## WHAT THE TASK REQUIRES
Set every line of the data down again exactly, and keep the pictures out.

MATERIAL FOR THE TASK Start Marker

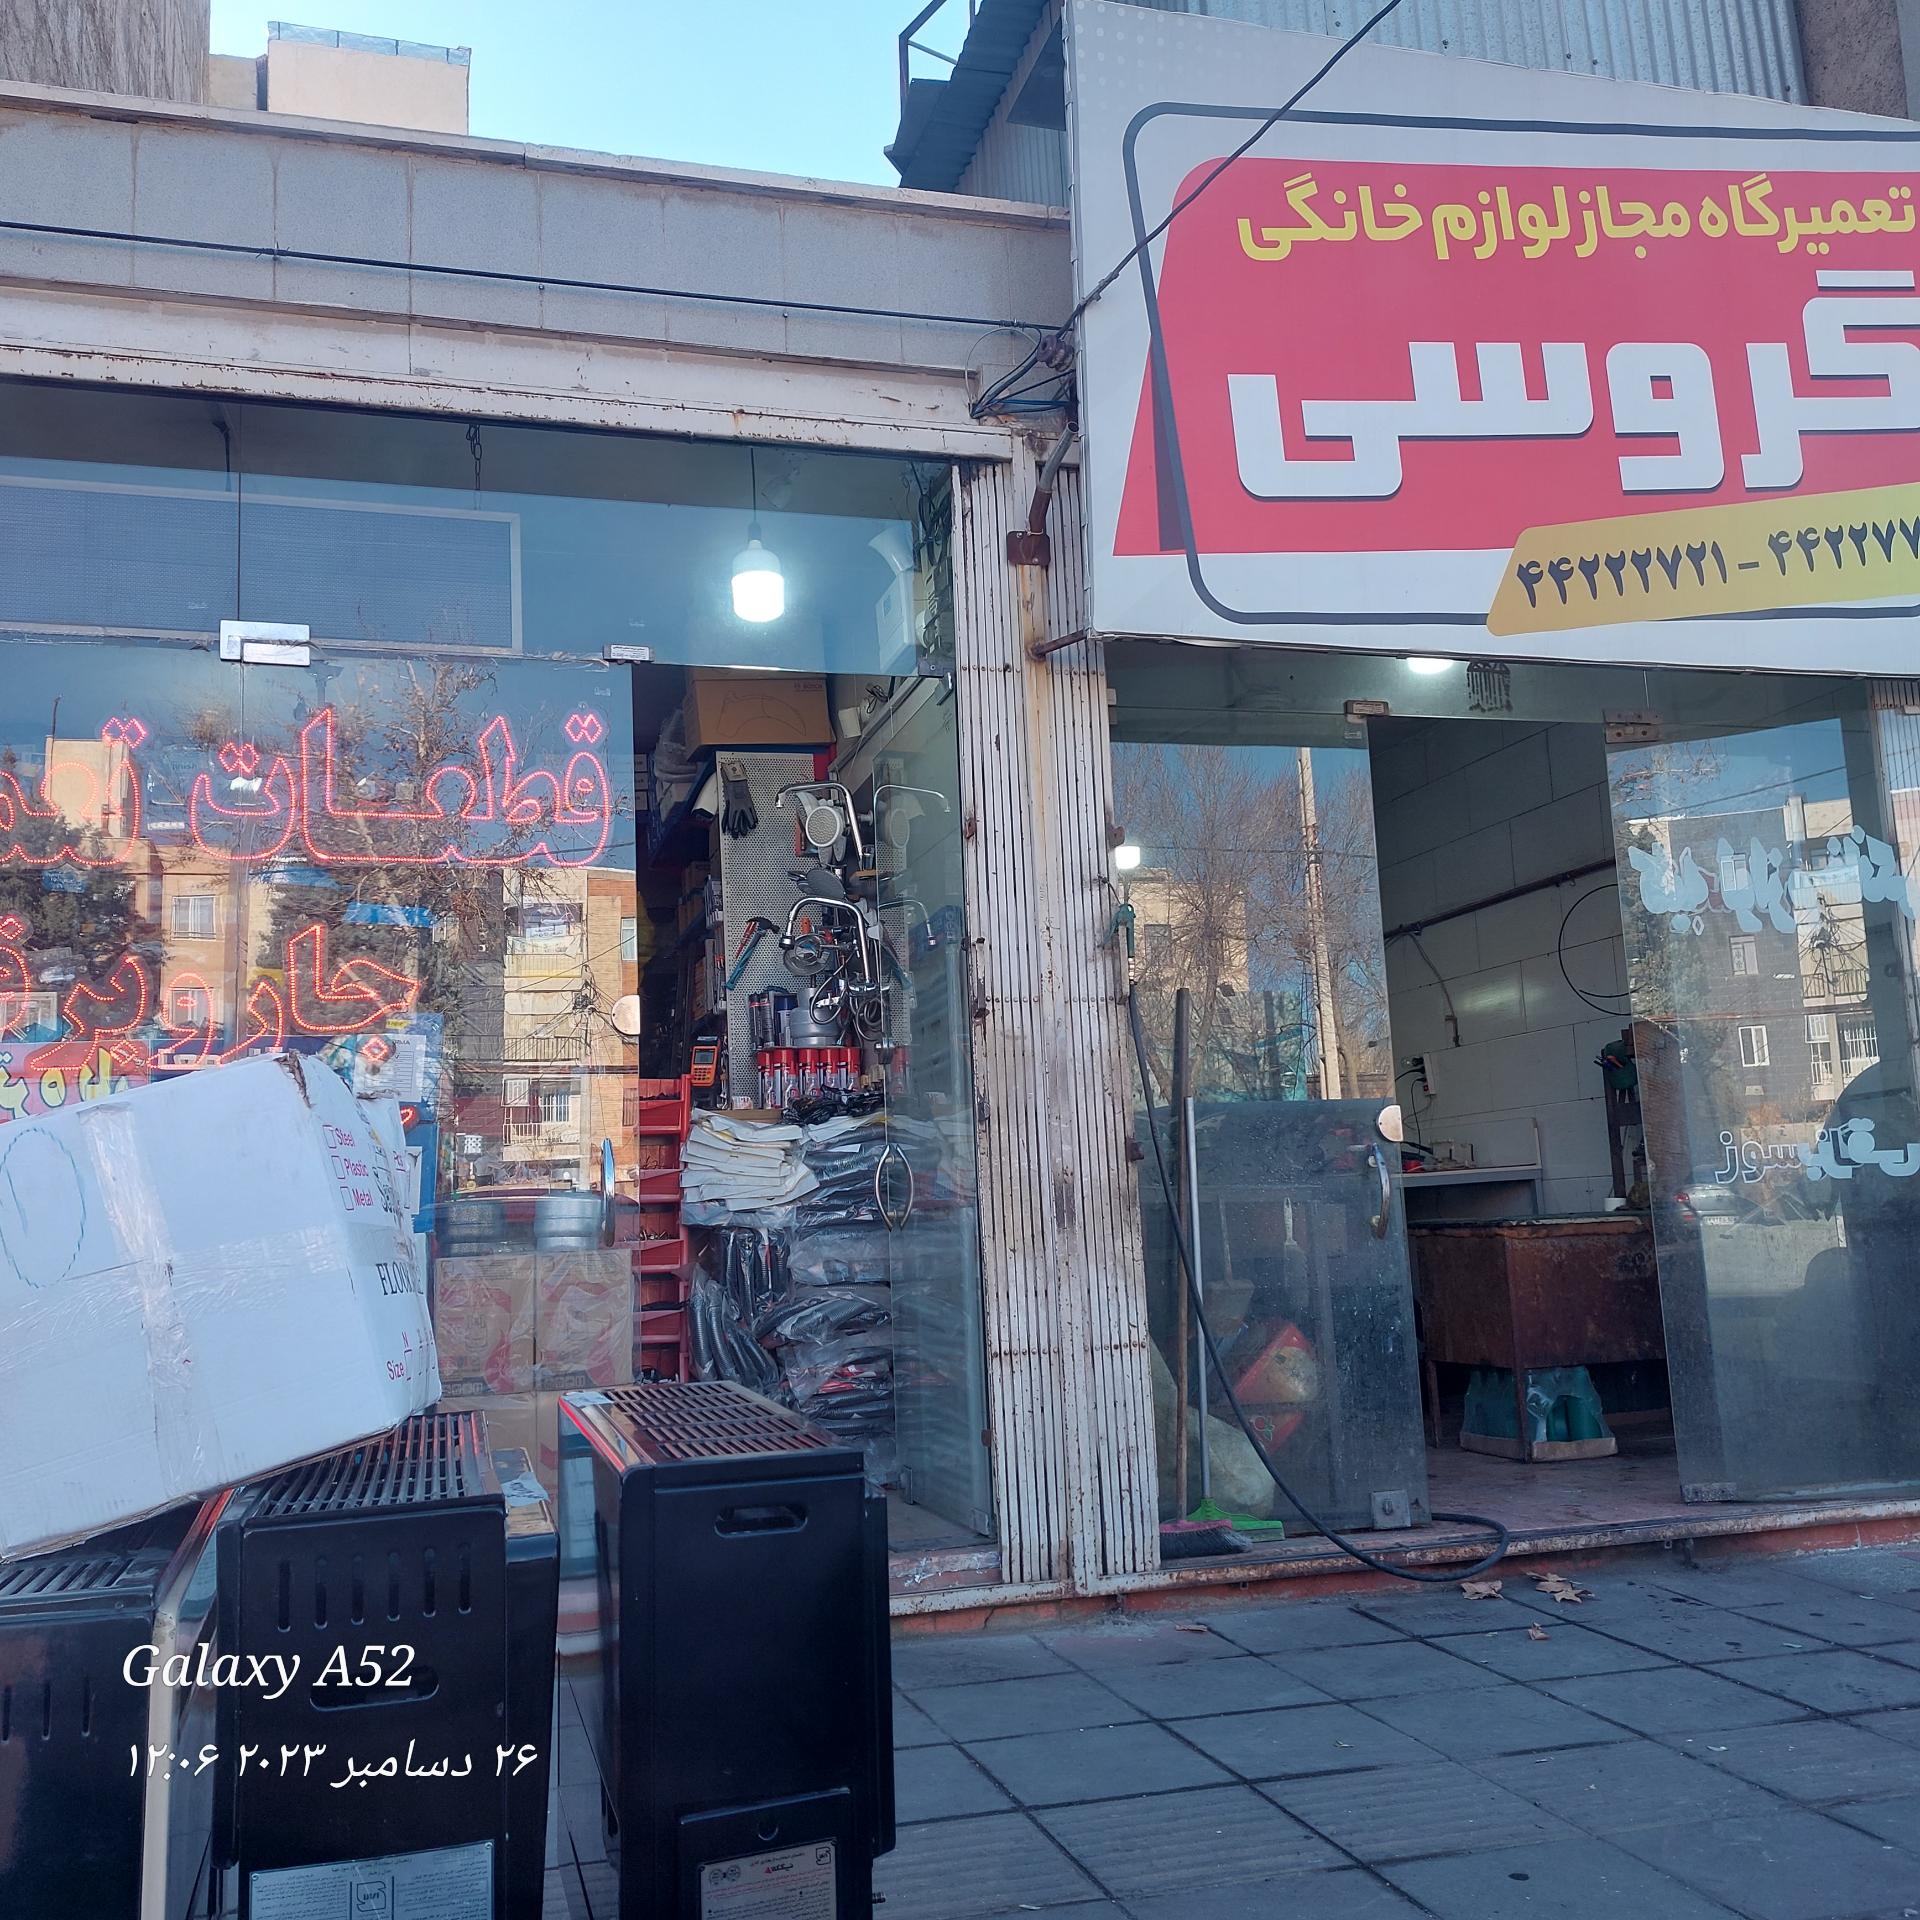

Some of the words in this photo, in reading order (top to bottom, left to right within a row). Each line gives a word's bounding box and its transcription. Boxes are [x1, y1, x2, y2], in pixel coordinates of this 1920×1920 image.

[1236, 172, 1424, 261] خانگی
[1431, 186, 1571, 260] لوازم
[1574, 185, 1691, 259] مجاز
[1698, 172, 1917, 256] تعمیرگاه
[1227, 270, 1920, 500] گروسی
[190, 704, 611, 868] قطعات
[351, 1186, 374, 1207] Metal
[386, 1360, 405, 1380] Size
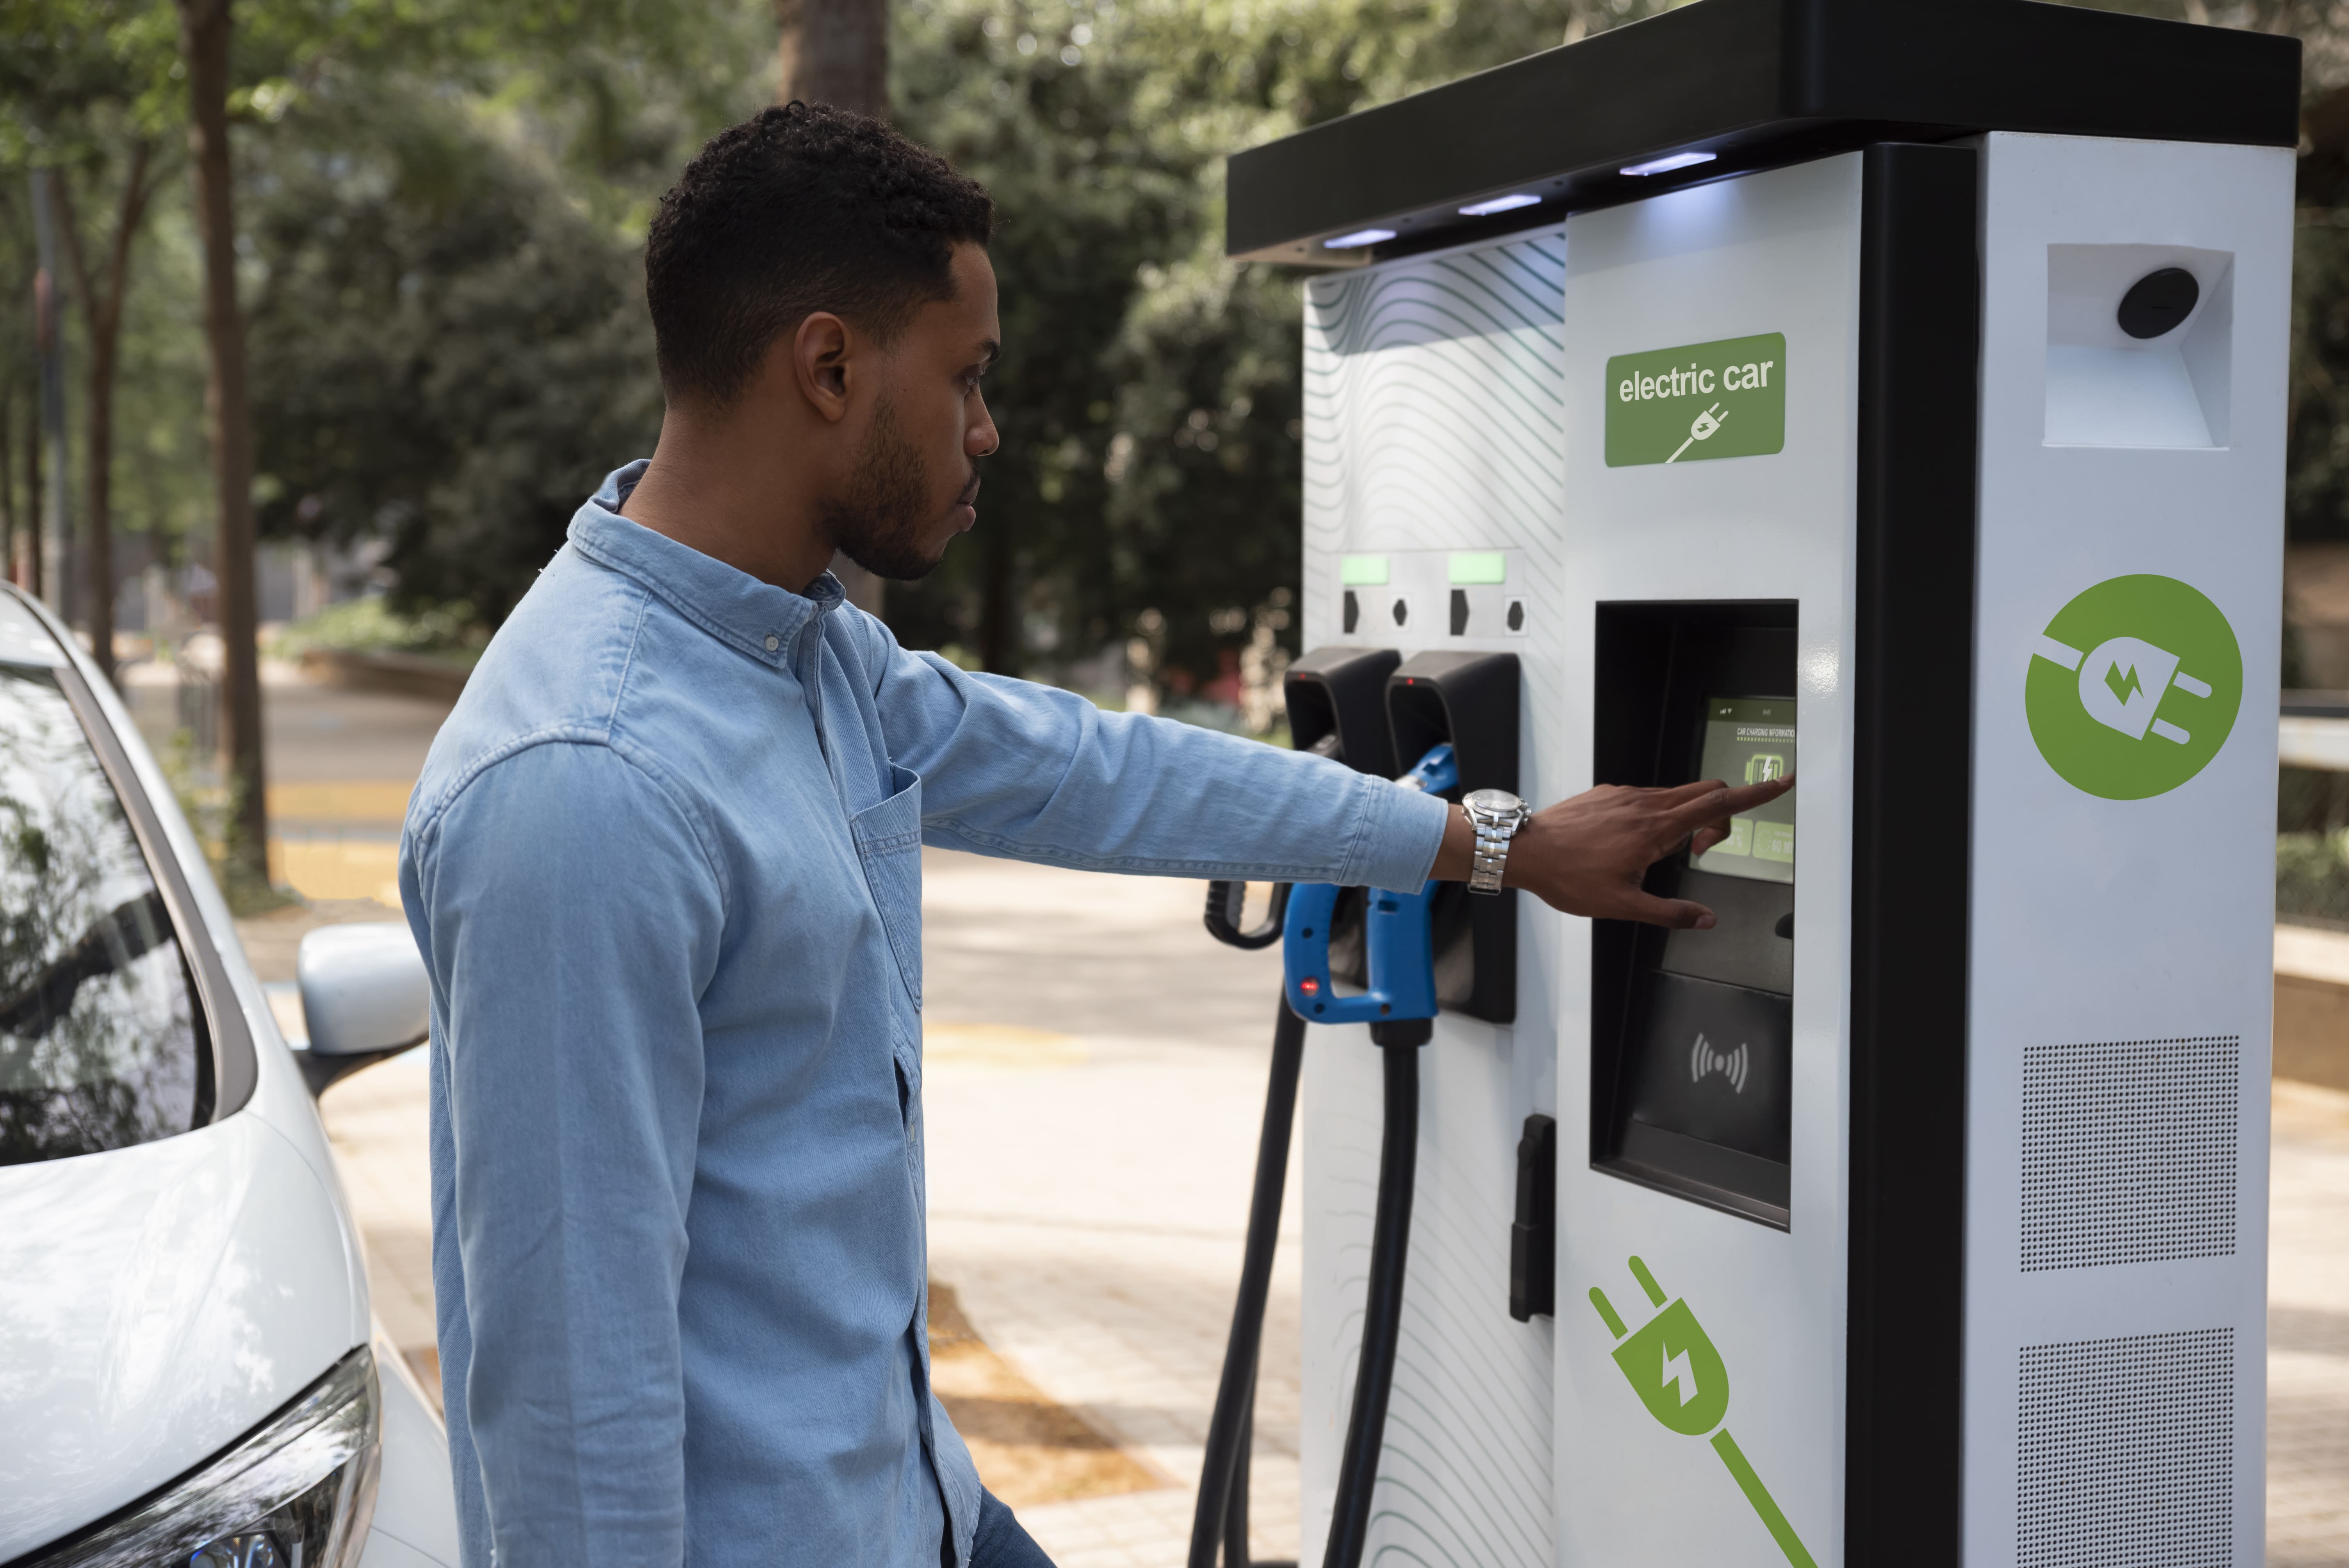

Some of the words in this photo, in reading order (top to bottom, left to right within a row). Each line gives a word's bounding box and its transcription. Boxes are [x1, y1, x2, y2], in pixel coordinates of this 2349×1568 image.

[1619, 363, 1715, 402] electric
[1723, 361, 1773, 391] car
[1747, 728, 1768, 736] CHARGING

MATERIAL FOR THE TASK End Marker

## PROBLEM SOLUTION
Some of the words in this photo, in reading order (top to bottom, left to right within a row). Each line gives a word's bounding box and its transcription. Boxes are [x1, y1, x2, y2], in pixel coordinates of this 1920×1920 image.

[1236, 172, 1424, 261] خانگی
[1431, 186, 1571, 260] لوازم
[1574, 185, 1691, 259] مجاز
[1698, 172, 1917, 256] تعمیرگاه
[1227, 270, 1920, 500] گروسی
[190, 704, 611, 868] قطعات
[351, 1186, 374, 1207] Metal
[386, 1360, 405, 1380] Size

Some of the words in this photo, in reading order (top to bottom, left to right within a row). Each line gives a word's bounding box and its transcription. Boxes are [x1, y1, x2, y2], in pixel coordinates of this 2349×1568 image.

[1619, 363, 1715, 402] electric
[1723, 361, 1773, 391] car
[1747, 728, 1768, 736] CHARGING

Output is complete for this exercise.